***** The data *****

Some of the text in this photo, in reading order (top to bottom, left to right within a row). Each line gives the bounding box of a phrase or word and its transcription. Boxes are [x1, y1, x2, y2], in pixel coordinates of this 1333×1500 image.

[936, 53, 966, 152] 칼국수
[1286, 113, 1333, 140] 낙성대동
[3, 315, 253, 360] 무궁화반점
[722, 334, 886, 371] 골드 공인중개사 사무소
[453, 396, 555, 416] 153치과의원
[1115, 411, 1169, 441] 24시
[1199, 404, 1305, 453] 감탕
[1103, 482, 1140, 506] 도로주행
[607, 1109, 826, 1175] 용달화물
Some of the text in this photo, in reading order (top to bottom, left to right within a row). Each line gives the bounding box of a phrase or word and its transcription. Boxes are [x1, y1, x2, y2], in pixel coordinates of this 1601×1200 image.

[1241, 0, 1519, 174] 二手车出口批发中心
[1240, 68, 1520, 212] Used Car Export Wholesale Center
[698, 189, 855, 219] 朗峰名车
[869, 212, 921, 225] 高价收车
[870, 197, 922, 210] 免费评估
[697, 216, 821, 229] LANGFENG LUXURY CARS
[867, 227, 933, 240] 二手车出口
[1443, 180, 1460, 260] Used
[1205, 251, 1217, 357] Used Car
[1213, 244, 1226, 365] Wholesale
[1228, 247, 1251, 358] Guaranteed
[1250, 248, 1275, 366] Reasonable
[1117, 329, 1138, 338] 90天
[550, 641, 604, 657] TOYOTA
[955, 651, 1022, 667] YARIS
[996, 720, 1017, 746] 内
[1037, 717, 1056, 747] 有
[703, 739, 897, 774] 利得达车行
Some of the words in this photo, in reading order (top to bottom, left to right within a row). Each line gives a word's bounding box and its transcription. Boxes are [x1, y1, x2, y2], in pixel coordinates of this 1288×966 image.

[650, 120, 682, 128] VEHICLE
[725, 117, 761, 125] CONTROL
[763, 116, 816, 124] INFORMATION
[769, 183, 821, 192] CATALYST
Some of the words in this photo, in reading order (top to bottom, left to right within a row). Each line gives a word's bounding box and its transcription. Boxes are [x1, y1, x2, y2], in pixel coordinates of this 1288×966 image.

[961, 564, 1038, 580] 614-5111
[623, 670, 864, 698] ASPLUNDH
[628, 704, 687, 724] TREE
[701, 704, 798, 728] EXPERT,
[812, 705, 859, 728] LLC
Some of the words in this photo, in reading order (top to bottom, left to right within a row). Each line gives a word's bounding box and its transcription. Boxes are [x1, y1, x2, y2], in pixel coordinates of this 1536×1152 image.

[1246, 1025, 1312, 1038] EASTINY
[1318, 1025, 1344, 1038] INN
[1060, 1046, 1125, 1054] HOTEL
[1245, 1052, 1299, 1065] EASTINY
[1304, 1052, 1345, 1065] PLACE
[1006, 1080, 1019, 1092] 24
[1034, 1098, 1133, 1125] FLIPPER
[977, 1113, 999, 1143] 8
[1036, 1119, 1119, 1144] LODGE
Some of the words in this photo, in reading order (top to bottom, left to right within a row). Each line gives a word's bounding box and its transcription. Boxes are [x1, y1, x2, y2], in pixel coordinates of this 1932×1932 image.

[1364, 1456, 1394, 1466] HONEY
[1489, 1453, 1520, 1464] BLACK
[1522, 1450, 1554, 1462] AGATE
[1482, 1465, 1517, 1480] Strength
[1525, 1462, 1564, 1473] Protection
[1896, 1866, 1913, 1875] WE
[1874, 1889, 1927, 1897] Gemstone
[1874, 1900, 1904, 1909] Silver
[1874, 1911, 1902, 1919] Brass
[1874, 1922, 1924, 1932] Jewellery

*****

| Activity |
The material above must be written out again in full, exactly.

| Solution to this problem |
Some of the text in this photo, in reading order (top to bottom, left to right within a row). Each line gives the bounding box of a phrase or word and its transcription. Boxes are [x1, y1, x2, y2], in pixel coordinates of this 1333×1500 image.

[936, 53, 966, 152] 칼국수
[1286, 113, 1333, 140] 낙성대동
[3, 315, 253, 360] 무궁화반점
[722, 334, 886, 371] 골드 공인중개사 사무소
[453, 396, 555, 416] 153치과의원
[1115, 411, 1169, 441] 24시
[1199, 404, 1305, 453] 감탕
[1103, 482, 1140, 506] 도로주행
[607, 1109, 826, 1175] 용달화물
Some of the text in this photo, in reading order (top to bottom, left to right within a row). Each line gives the bounding box of a phrase or word and its transcription. Boxes are [x1, y1, x2, y2], in pixel coordinates of this 1601×1200 image.

[1241, 0, 1519, 174] 二手车出口批发中心
[1240, 68, 1520, 212] Used Car Export Wholesale Center
[698, 189, 855, 219] 朗峰名车
[869, 212, 921, 225] 高价收车
[870, 197, 922, 210] 免费评估
[697, 216, 821, 229] LANGFENG LUXURY CARS
[867, 227, 933, 240] 二手车出口
[1443, 180, 1460, 260] Used
[1205, 251, 1217, 357] Used Car
[1213, 244, 1226, 365] Wholesale
[1228, 247, 1251, 358] Guaranteed
[1250, 248, 1275, 366] Reasonable
[1117, 329, 1138, 338] 90天
[550, 641, 604, 657] TOYOTA
[955, 651, 1022, 667] YARIS
[996, 720, 1017, 746] 内
[1037, 717, 1056, 747] 有
[703, 739, 897, 774] 利得达车行
Some of the words in this photo, in reading order (top to bottom, left to right within a row). Each line gives a word's bounding box and its transcription. Boxes are [x1, y1, x2, y2], in pixel coordinates of this 1288×966 image.

[650, 120, 682, 128] VEHICLE
[725, 117, 761, 125] CONTROL
[763, 116, 816, 124] INFORMATION
[769, 183, 821, 192] CATALYST
Some of the words in this photo, in reading order (top to bottom, left to right within a row). Each line gives a word's bounding box and its transcription. Boxes are [x1, y1, x2, y2], in pixel coordinates of this 1288×966 image.

[961, 564, 1038, 580] 614-5111
[623, 670, 864, 698] ASPLUNDH
[628, 704, 687, 724] TREE
[701, 704, 798, 728] EXPERT,
[812, 705, 859, 728] LLC
Some of the words in this photo, in reading order (top to bottom, left to right within a row). Each line gives a word's bounding box and its transcription. Boxes are [x1, y1, x2, y2], in pixel coordinates of this 1536×1152 image.

[1246, 1025, 1312, 1038] EASTINY
[1318, 1025, 1344, 1038] INN
[1060, 1046, 1125, 1054] HOTEL
[1245, 1052, 1299, 1065] EASTINY
[1304, 1052, 1345, 1065] PLACE
[1006, 1080, 1019, 1092] 24
[1034, 1098, 1133, 1125] FLIPPER
[977, 1113, 999, 1143] 8
[1036, 1119, 1119, 1144] LODGE
Some of the words in this photo, in reading order (top to bottom, left to right within a row). Each line gives a word's bounding box and its transcription. Boxes are [x1, y1, x2, y2], in pixel coordinates of this 1932×1932 image.

[1364, 1456, 1394, 1466] HONEY
[1489, 1453, 1520, 1464] BLACK
[1522, 1450, 1554, 1462] AGATE
[1482, 1465, 1517, 1480] Strength
[1525, 1462, 1564, 1473] Protection
[1896, 1866, 1913, 1875] WE
[1874, 1889, 1927, 1897] Gemstone
[1874, 1900, 1904, 1909] Silver
[1874, 1911, 1902, 1919] Brass
[1874, 1922, 1924, 1932] Jewellery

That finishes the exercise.